Tanto na primeira situação quanto na segunda, choquei. Me desculpa, mas não é isso que quero nem para meu filho e nem para minha filha quando eles formarem famílias! Claro que não sou melhor e nem pior, tenho vários defeitos e em tantos aspectos quero melhorar, e falo isso de verdade, enfrento meus fantasmas todos os dias.

O que eu quero falar é sobre como as mães são importantes para o desenvolvimento saudável de seus filhos. Não estou nem me referindo à amamentação ou cuidados físicos, mas sim de cuidados emocionais. E pelo que parece, falta entendimento de quão necessária é a nossa presença na vida deles.

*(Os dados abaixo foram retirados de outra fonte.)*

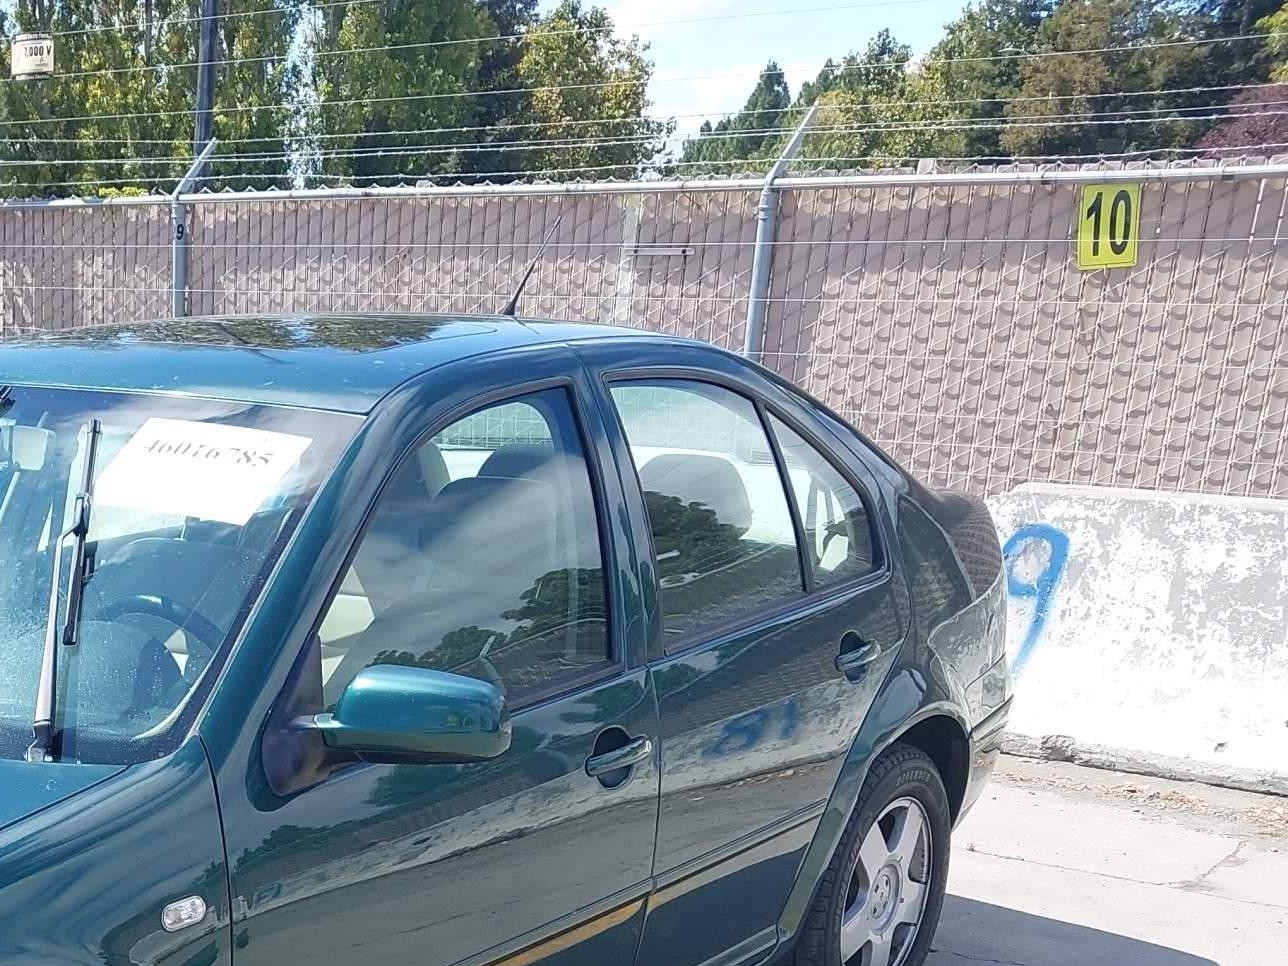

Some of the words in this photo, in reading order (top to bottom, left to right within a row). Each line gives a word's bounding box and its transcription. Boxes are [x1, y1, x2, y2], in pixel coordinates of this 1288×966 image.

[24, 45, 44, 59] 7,000
[46, 45, 52, 56] V
[176, 223, 185, 241] 9
[1086, 189, 1132, 257] 10

Os bebês nascem com a sua personalidade pré-formada, entretanto, outra parte da personalidade se desenvolve de acordo com o ambiente em que vivem.

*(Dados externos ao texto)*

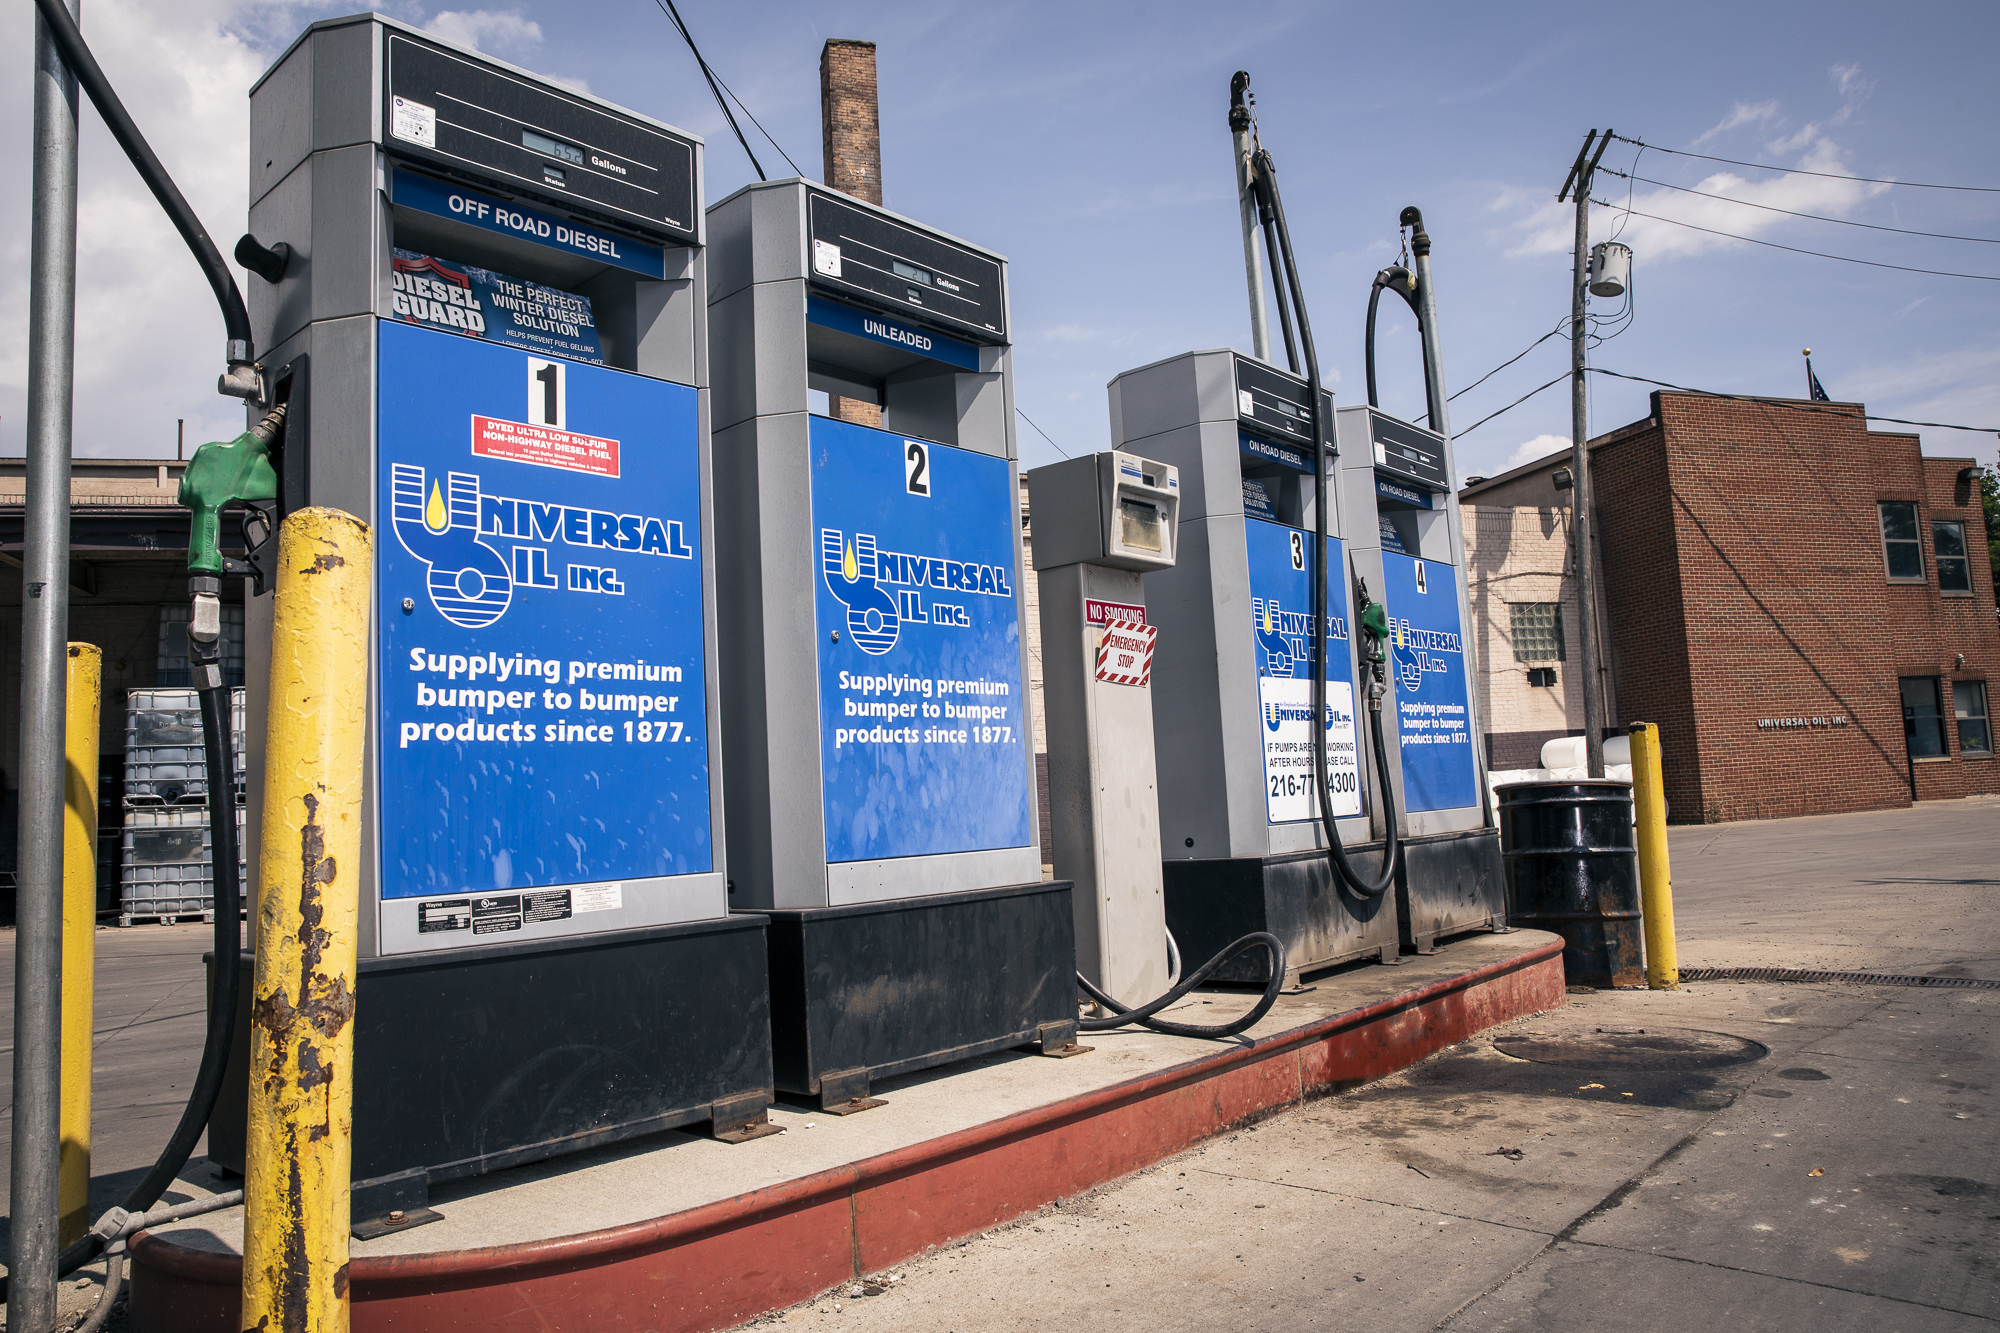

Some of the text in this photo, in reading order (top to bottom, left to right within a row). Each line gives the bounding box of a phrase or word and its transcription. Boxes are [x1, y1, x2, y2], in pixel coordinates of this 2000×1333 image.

[591, 155, 627, 176] Gallons
[544, 176, 566, 188] Status
[448, 194, 621, 259] OFF ROAD DIESEL
[664, 216, 681, 227] Wayne
[496, 279, 583, 312] THE PERFECT
[937, 277, 960, 292] Gallons
[393, 270, 486, 332] DIESEL GUARD
[491, 292, 595, 327] WINTER DIESEL
[513, 312, 580, 338] SOLUTION
[864, 319, 932, 351] UNLEADED
[506, 329, 595, 354] HELPS PREVENT FUEL GELLING
[536, 363, 558, 426] 1
[482, 430, 612, 460] NON-HIGHWAY DIESEL FUEL
[487, 421, 608, 450] DYED ULTRA LOW SULFUR
[487, 447, 505, 456] Federal
[514, 452, 535, 461] prohibits
[549, 457, 568, 466] highway
[1249, 439, 1302, 466] ON ROAD DIESEL
[907, 443, 927, 495] 2
[1379, 482, 1421, 503] ON ROAD DIESEL
[391, 462, 692, 562] UNIVERSAL
[821, 528, 1012, 600] UNIVERSAL
[1292, 533, 1303, 569] 3
[426, 543, 625, 629] OIL INC.
[1417, 562, 1425, 592] 4
[847, 588, 970, 655] OIL INC.
[1089, 603, 1143, 624] NO SMOKING
[1252, 597, 1348, 640] UNIVESAL
[1110, 634, 1147, 654] EMERGENCY
[1388, 617, 1461, 660] UNIVERSAL
[409, 647, 682, 684] Supplying premium
[1117, 654, 1135, 669] STOP
[1432, 658, 1447, 673] INC.
[839, 670, 1009, 697] Supplying premium
[416, 682, 679, 718] bumper to bumper
[844, 697, 1007, 724] bumper to bumper
[1400, 701, 1465, 717] Supplying premium
[1265, 702, 1317, 732] UNIVERSA
[1342, 714, 1352, 722] INC.
[1403, 717, 1465, 732] bumper to bumper
[1757, 717, 1810, 728] UNIVERSAL
[1832, 715, 1849, 725] INC.
[399, 718, 692, 749] products since 1877.
[835, 724, 1016, 749] products since 1877.
[1401, 732, 1469, 748] products since 1877.
[1267, 743, 1274, 753] IF
[1275, 742, 1298, 753] PUMPS
[1299, 742, 1312, 752] ARE
[1327, 742, 1354, 752] WORKING
[1269, 757, 1291, 768] AFTER
[1292, 756, 1315, 767] HOURS
[1340, 756, 1354, 766] CALL

Agora, se colocamos um cenário onde a mãe tem como prioridade seu trabalho ou baladas, como vai estar emocionalmente suprida essa criança? Não estou dizendo que não é para se divertir, existe tempo determinado para todas as coisas e nós somos responsáveis pelas decisões que tomamos ao longo de nossas vidas, contudo, quando colocamos outra vida no mundo, somos responsáveis por quem eles se tornarão, se serão emocionalmente saudáveis, como irão aprender a lidar com as frustrações e quais valores irão carregar dentro de si, porque esse é o nosso papel como mãe e pai. Quanto a parte sistemática da educação e desenvolvimento profissional, cabe à escola. Porém, uma não anula a outra, são complementares.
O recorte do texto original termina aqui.